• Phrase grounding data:
------------

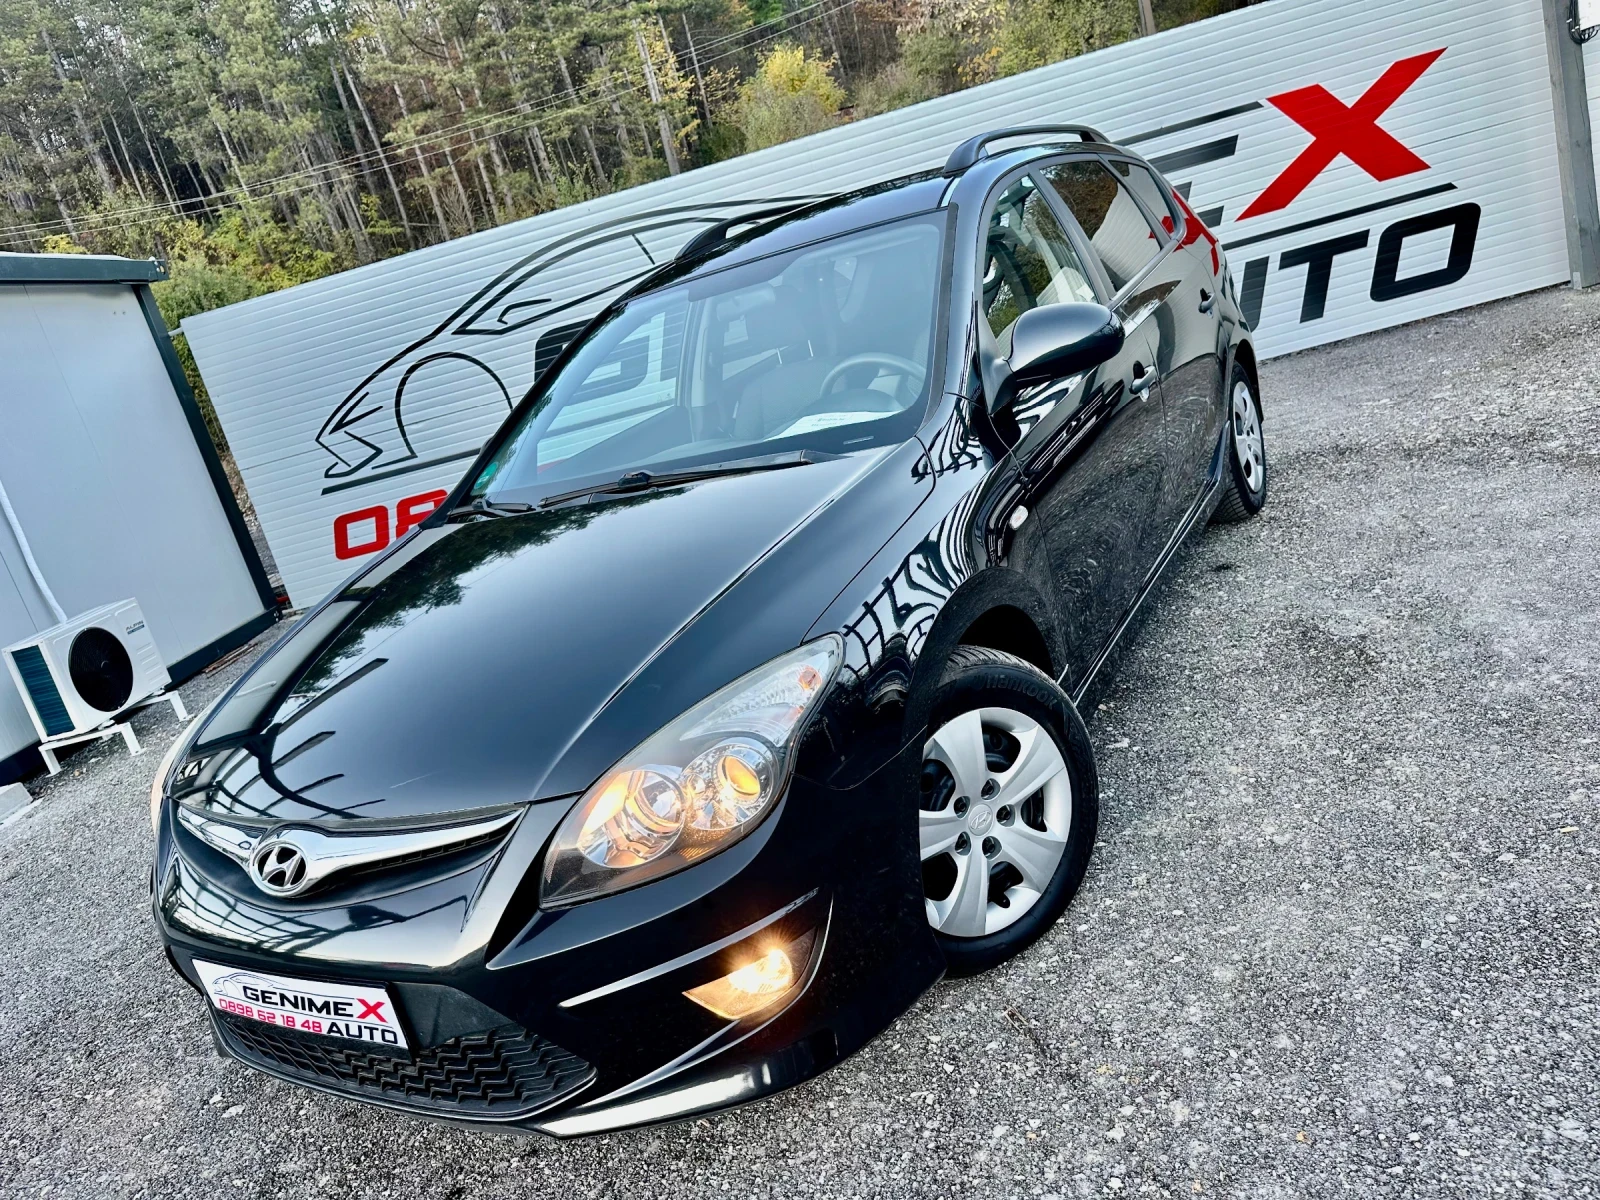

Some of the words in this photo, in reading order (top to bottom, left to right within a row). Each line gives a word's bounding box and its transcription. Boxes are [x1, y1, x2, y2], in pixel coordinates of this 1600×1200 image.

[219, 998, 254, 1018] 0898
[257, 1010, 277, 1024] 62
[282, 1014, 296, 1028] 18
[300, 1018, 323, 1034] 48
[243, 986, 388, 1023] GENIMEX
[326, 1022, 398, 1045] AUTO

------------

Every line of the data above is to be repeated exactly; the images are to be left out.

• TASK RESULT:
Some of the words in this photo, in reading order (top to bottom, left to right within a row). Each line gives a word's bounding box and its transcription. Boxes are [x1, y1, x2, y2], in pixel coordinates of this 1600×1200 image.

[219, 998, 254, 1018] 0898
[257, 1010, 277, 1024] 62
[282, 1014, 296, 1028] 18
[300, 1018, 323, 1034] 48
[243, 986, 388, 1023] GENIMEX
[326, 1022, 398, 1045] AUTO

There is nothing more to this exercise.